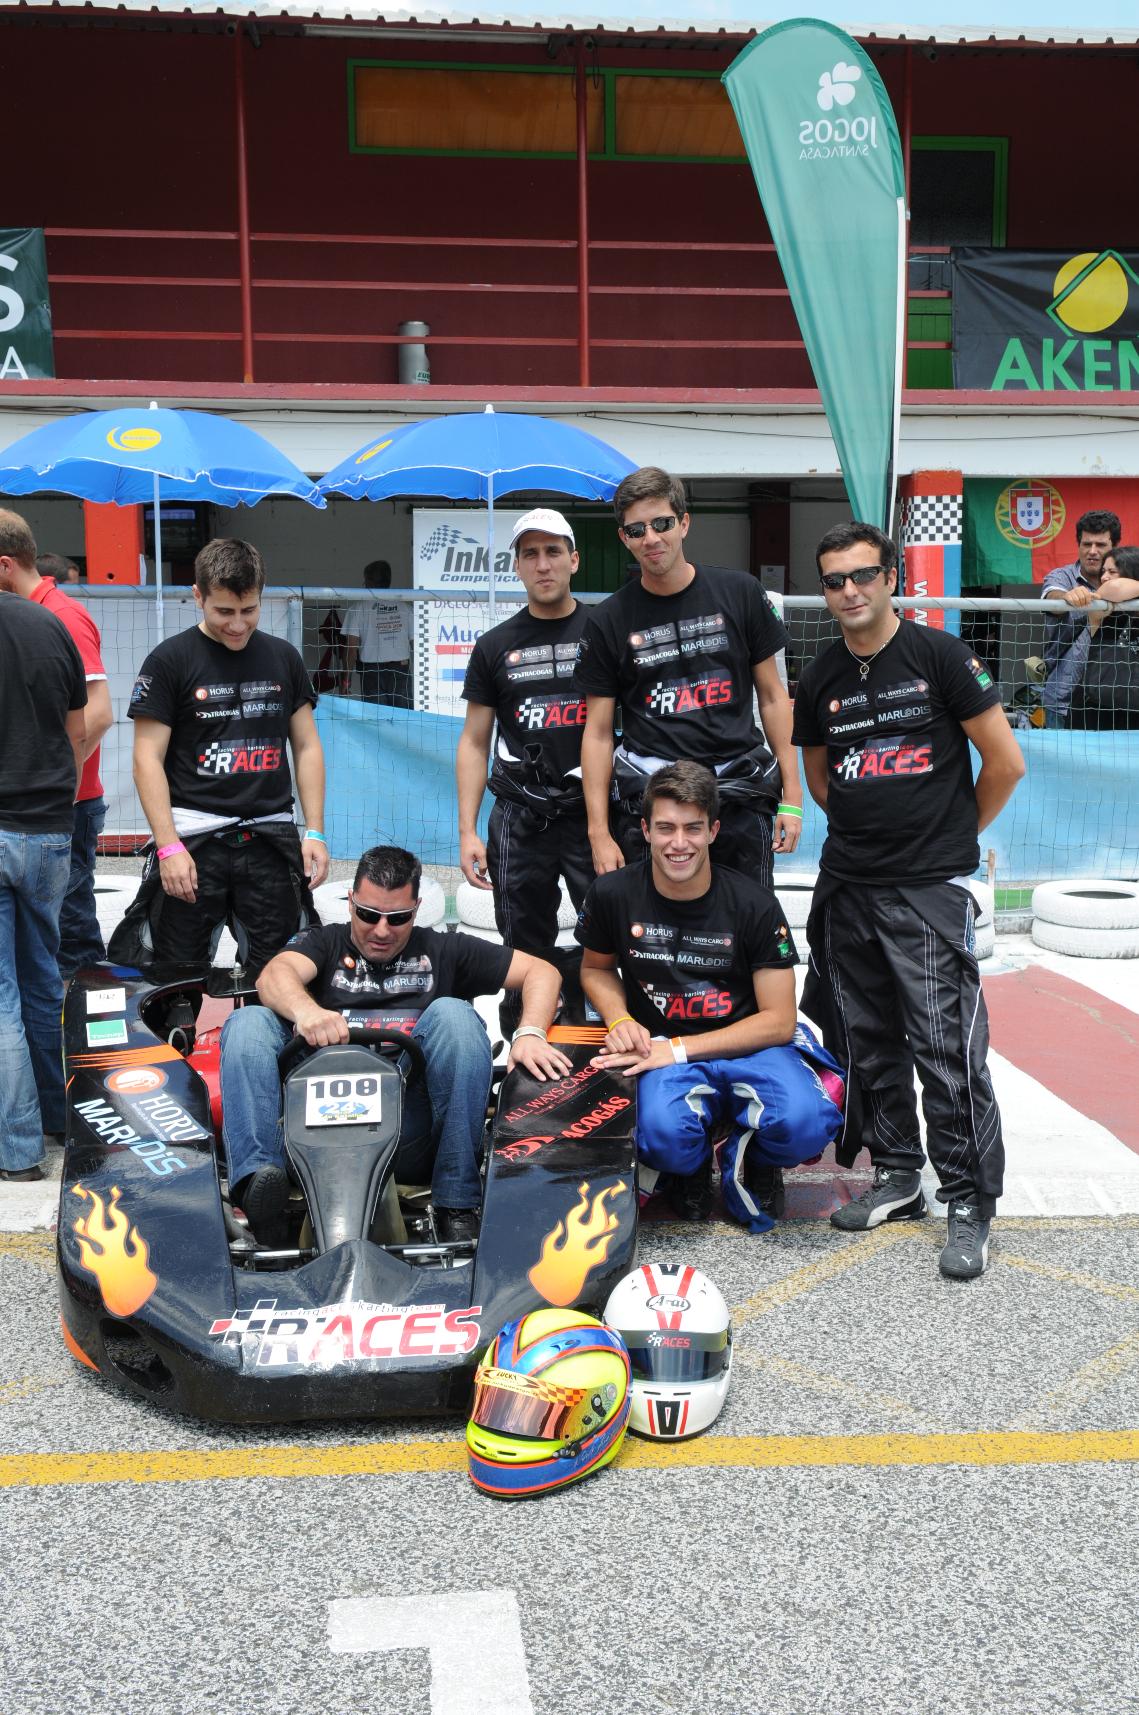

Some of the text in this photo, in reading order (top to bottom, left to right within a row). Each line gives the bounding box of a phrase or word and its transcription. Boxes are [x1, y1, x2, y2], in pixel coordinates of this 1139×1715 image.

[643, 628, 671, 640] HORUS
[521, 649, 547, 658] HORUS
[209, 687, 235, 696] HORUS
[842, 694, 868, 707] HORUS
[646, 927, 673, 938] HORUS
[310, 1077, 378, 1099] 108
[504, 1107, 533, 1124] ALL
[526, 1087, 565, 1109] WAYS
[560, 1064, 602, 1089] CARG
[139, 1093, 208, 1142] HORU
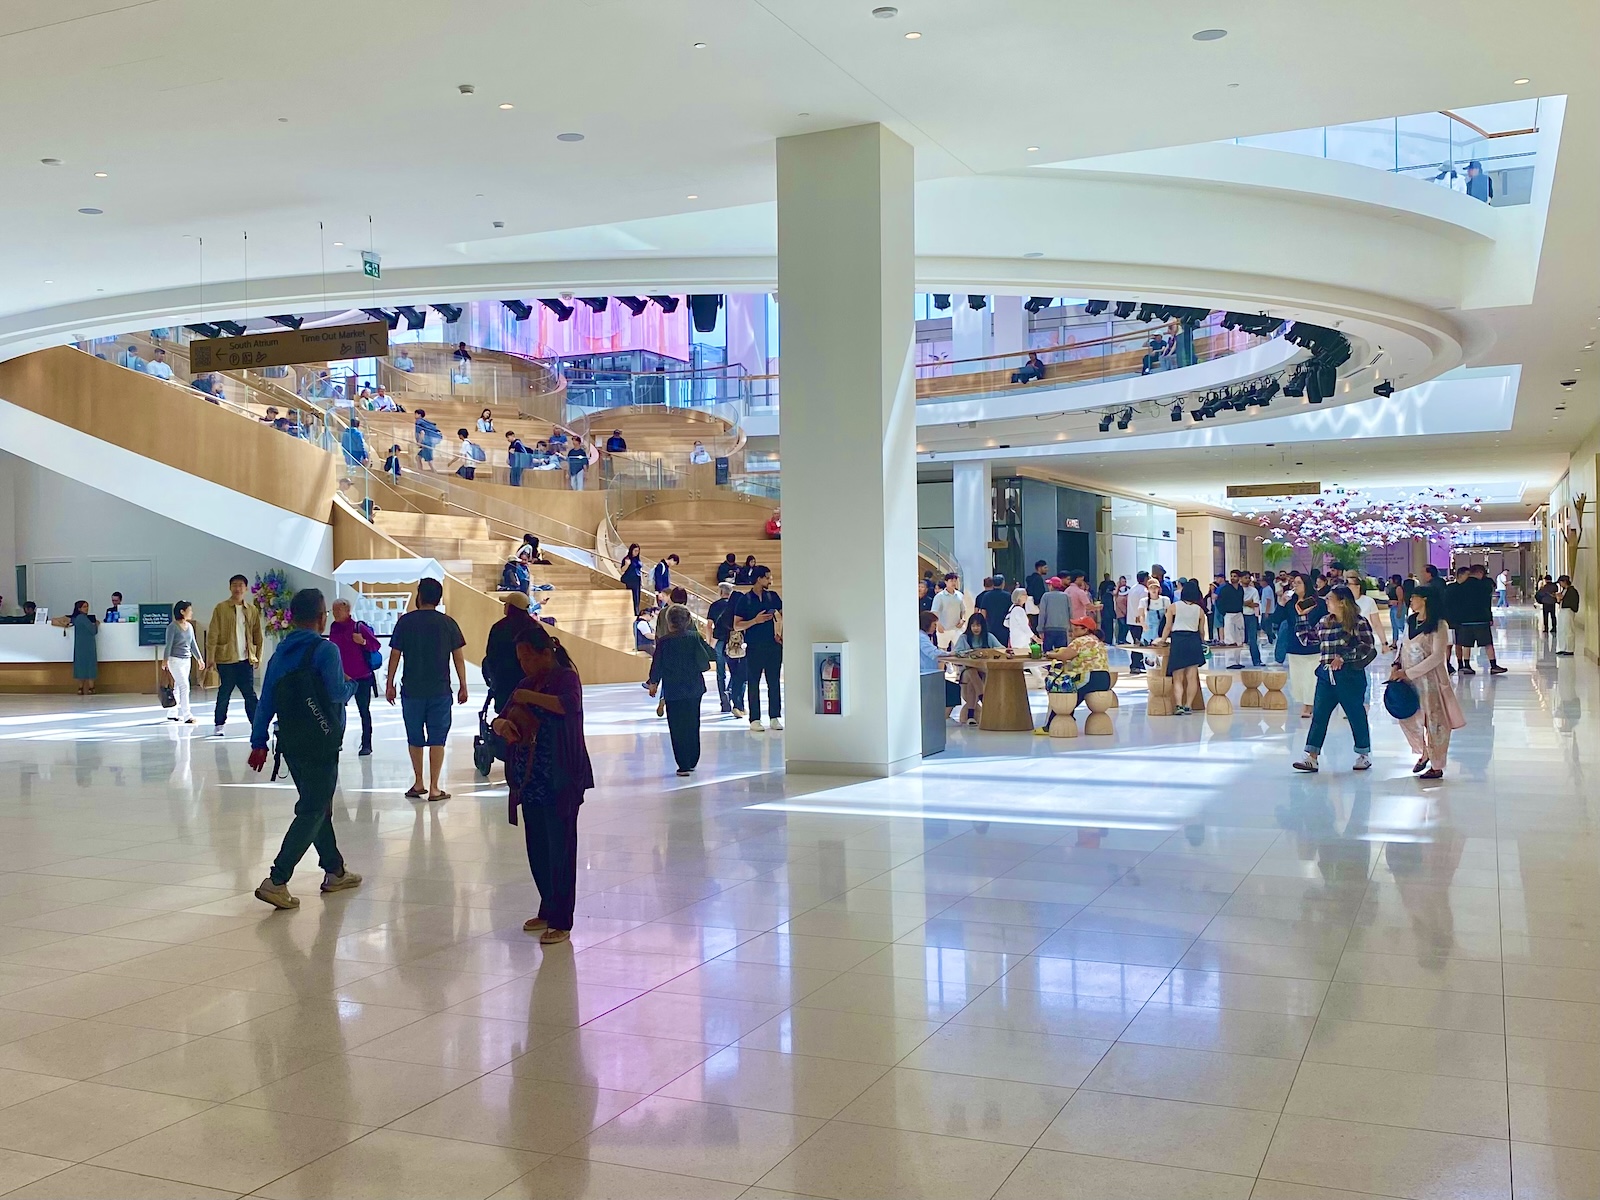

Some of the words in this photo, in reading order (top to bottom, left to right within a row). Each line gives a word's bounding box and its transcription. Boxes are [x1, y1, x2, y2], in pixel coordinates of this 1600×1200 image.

[301, 334, 320, 343] Time
[321, 332, 337, 341] Out
[339, 329, 366, 340] Market
[229, 340, 252, 350] South
[253, 339, 279, 348] Atrium
[305, 697, 331, 735] NAUTICA
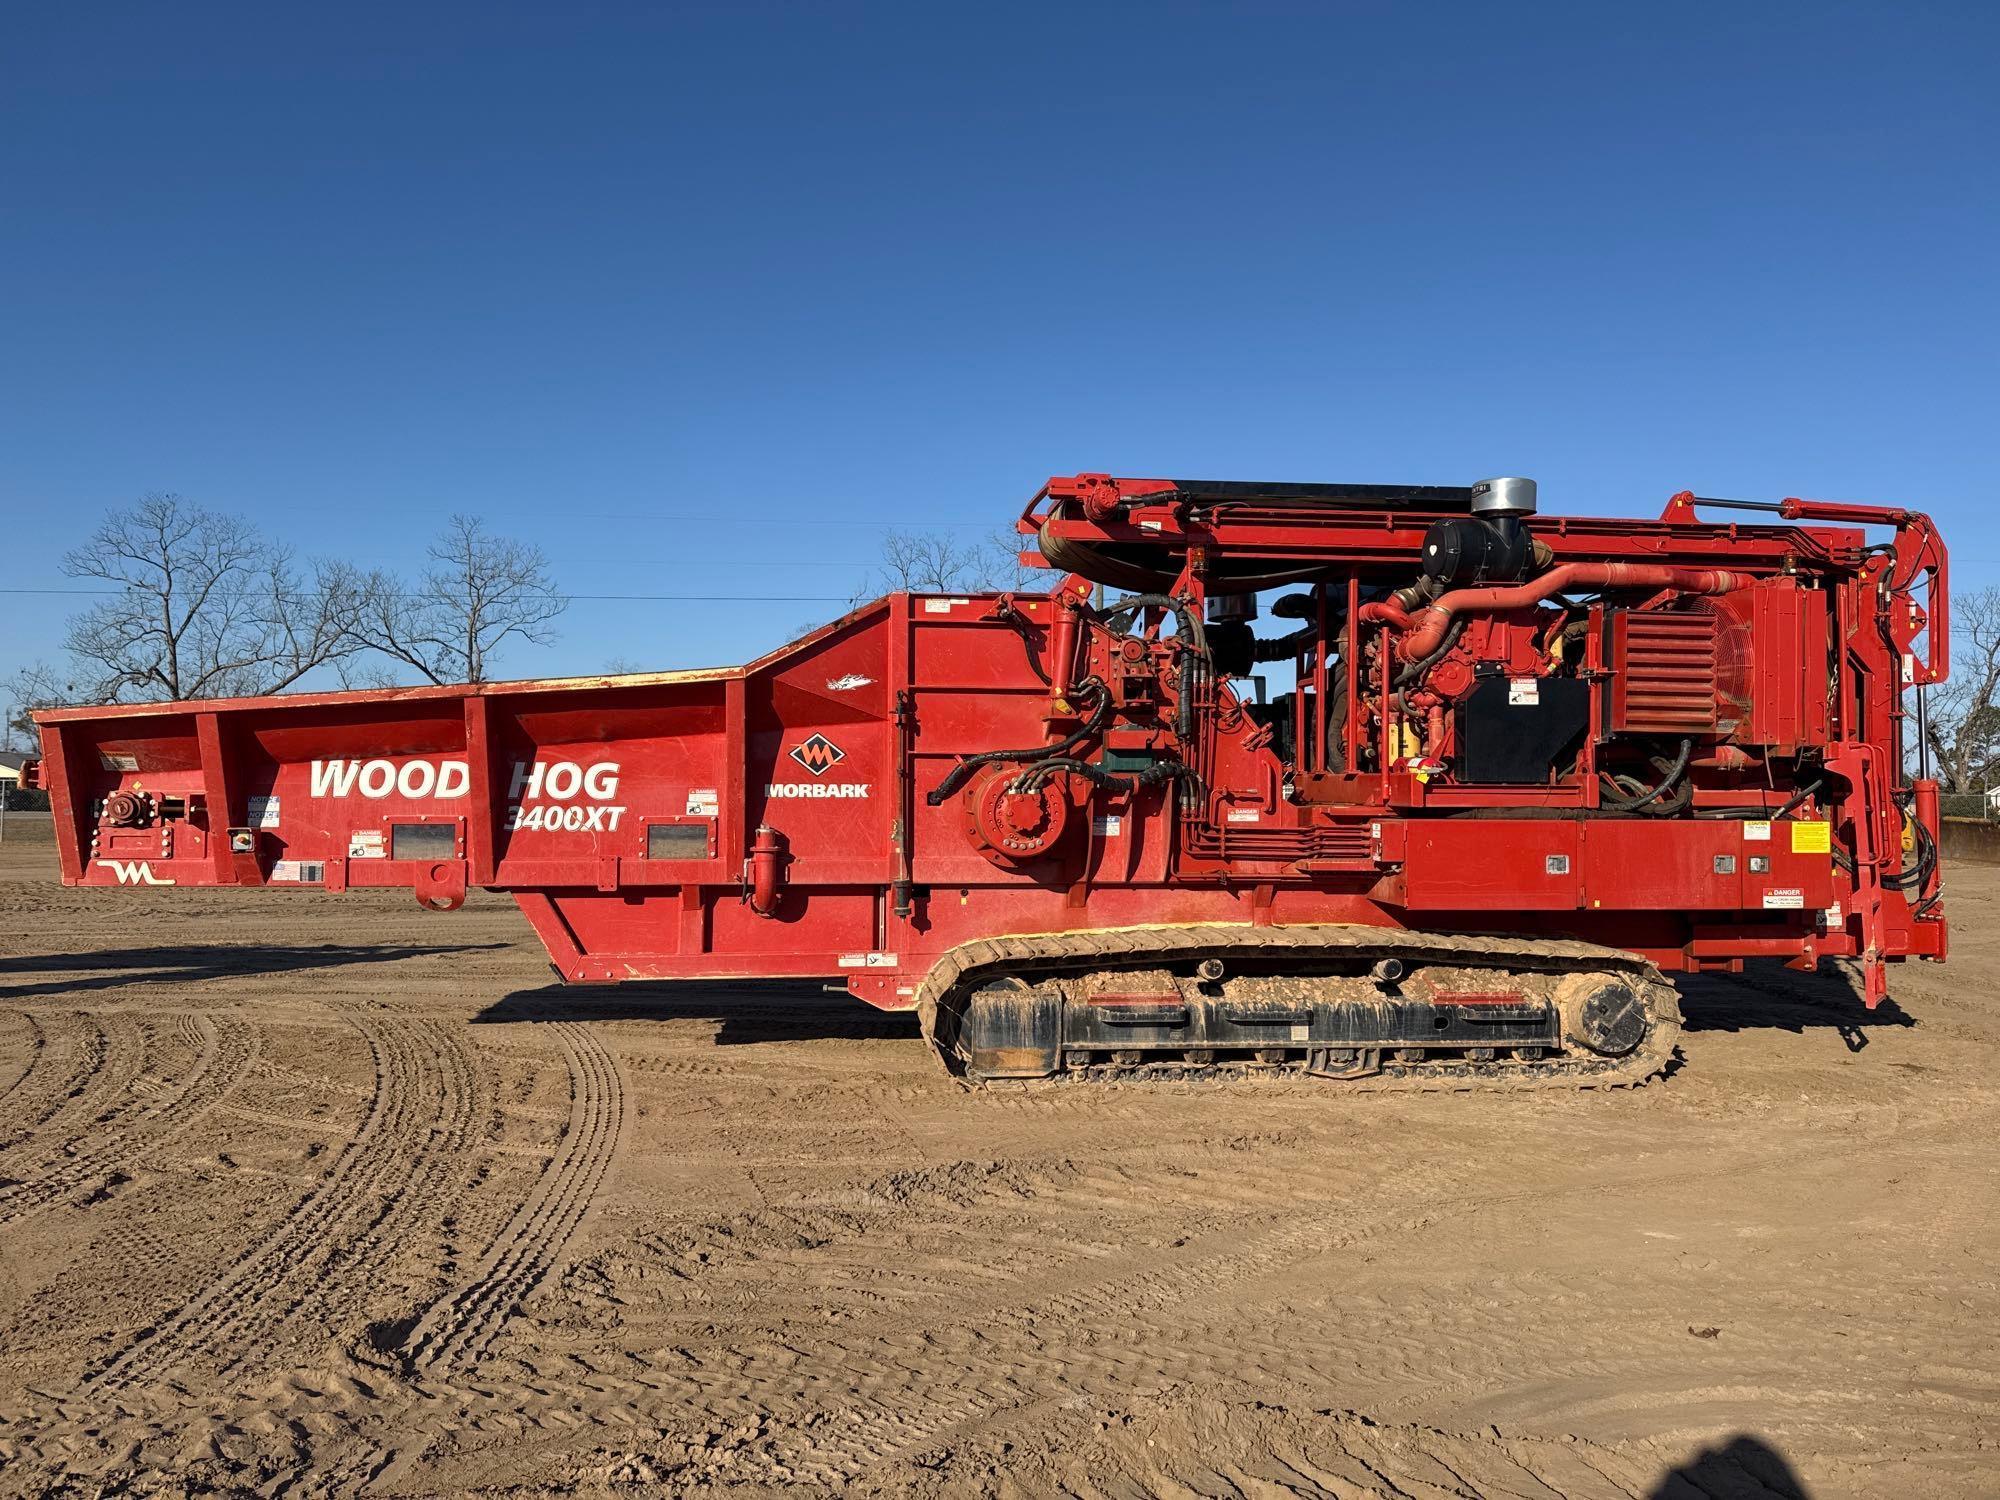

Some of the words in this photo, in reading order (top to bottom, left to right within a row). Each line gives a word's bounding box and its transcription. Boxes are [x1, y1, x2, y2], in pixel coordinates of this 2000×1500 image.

[310, 759, 471, 799] WOOD
[507, 761, 620, 800] HOG
[764, 783, 869, 798] MORBARK
[504, 805, 627, 831] 3400XT

- [WORK ITEM]: Without the pictures, set down every entry exactly.

- [EXERCISE ANSWER]:
Some of the text in this photo, in reading order (top to bottom, left to right within a row). Each line gives the bounding box of a phrase or word and its transcription. Boxes are [x1, y1, x2, y2], in pixel coordinates of this 1139×1715 image.

[643, 628, 671, 640] HORUS
[521, 649, 547, 658] HORUS
[209, 687, 235, 696] HORUS
[842, 694, 868, 707] HORUS
[646, 927, 673, 938] HORUS
[310, 1077, 378, 1099] 108
[504, 1107, 533, 1124] ALL
[526, 1087, 565, 1109] WAYS
[560, 1064, 602, 1089] CARG
[139, 1093, 208, 1142] HORU

Some of the words in this photo, in reading order (top to bottom, left to right within a row). Each line gives a word's bounding box and its transcription. Boxes are [x1, y1, x2, y2], in pixel coordinates of this 1600×1200 image.

[301, 334, 320, 343] Time
[321, 332, 337, 341] Out
[339, 329, 366, 340] Market
[229, 340, 252, 350] South
[253, 339, 279, 348] Atrium
[305, 697, 331, 735] NAUTICA

Some of the words in this photo, in reading order (top to bottom, left to right within a row). Each line gives a word's bounding box and its transcription. Boxes are [x1, y1, x2, y2], in pixel coordinates of this 2000×1500 image.

[310, 759, 471, 799] WOOD
[507, 761, 620, 800] HOG
[764, 783, 869, 798] MORBARK
[504, 805, 627, 831] 3400XT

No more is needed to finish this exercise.